Check out these binos.
http://www.amazon.com/Vanguard-Endeavor-Binocular-Lifetime-Warranty/dp/B00LMSVKO4
And for a spotting scope, I have the leupold 15-30x50mm compact. I really like this scope.
http://www.amazon.com/Leupold-120375-Compact-Spotting-Shadow/dp/B00SBPPBC8
If you can swing a little extra money, check out the Vortex Razor 11-33x50 compact but this will put you a little over your 1,000.
http://www.amazon.com/Vortex-Optics-RZR-50A1-11-33x50-Spotting/dp/B00BIKFGJQ


----------



## mtnrunner260 (Feb 15, 2010)

Vortex 12x50 razors. 
Smaller than you would think.
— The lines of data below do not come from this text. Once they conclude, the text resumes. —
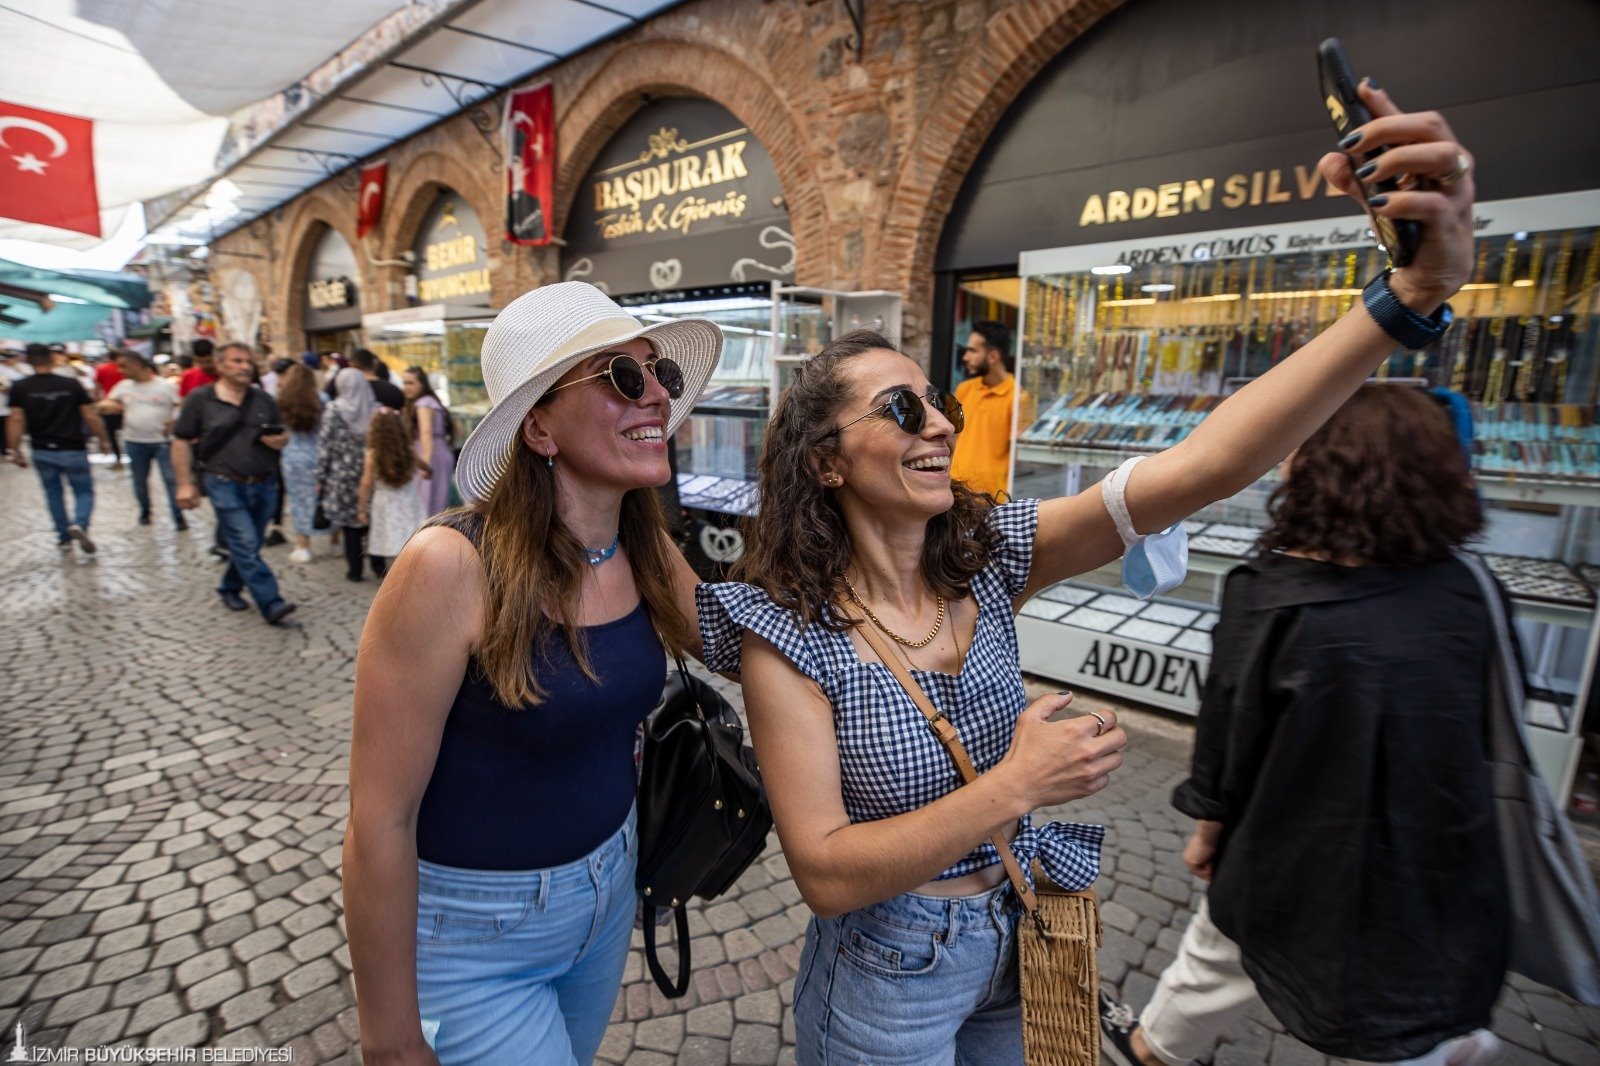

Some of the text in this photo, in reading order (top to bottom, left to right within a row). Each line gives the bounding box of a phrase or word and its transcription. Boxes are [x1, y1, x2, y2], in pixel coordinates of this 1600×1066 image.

[594, 140, 749, 212] BAŞDURAK
[1079, 165, 1350, 227] ARDEN SILV
[645, 202, 669, 234] &
[669, 191, 748, 235] Gümüş
[1115, 245, 1189, 267] ARDEN
[1078, 639, 1207, 698] ARDEN
Mount them on a tripod and they'll be better than any budget spotting scope.


----------



## OPENCOUNTRY (Jan 25, 2009)

With a spotting scope, what are the pros and cons to straight or angled?


----------



## bugchuker (Dec 3, 2007)

I bought a pair of Kowa 12x56 binocs on Amazon for 325ish, I got them last week and I think they are as good as they're every bit as good as the Vortex Viper HDs at half the cost.


----------



## DallanC (Jan 13, 2009)

OPENCOUNTRY said:


> With a spotting scope, what are the pros and cons to straight or angled?


Neck angle.

If you backpack with a short stubby tripod, get angled. If you use a taller tripod or glass alot from a truck, get straight. I love straight personally.

This is a cool picture of spotters... note the types used;

http://utahwildlife.net/forum/1411650-post40.html

-DallanC


----------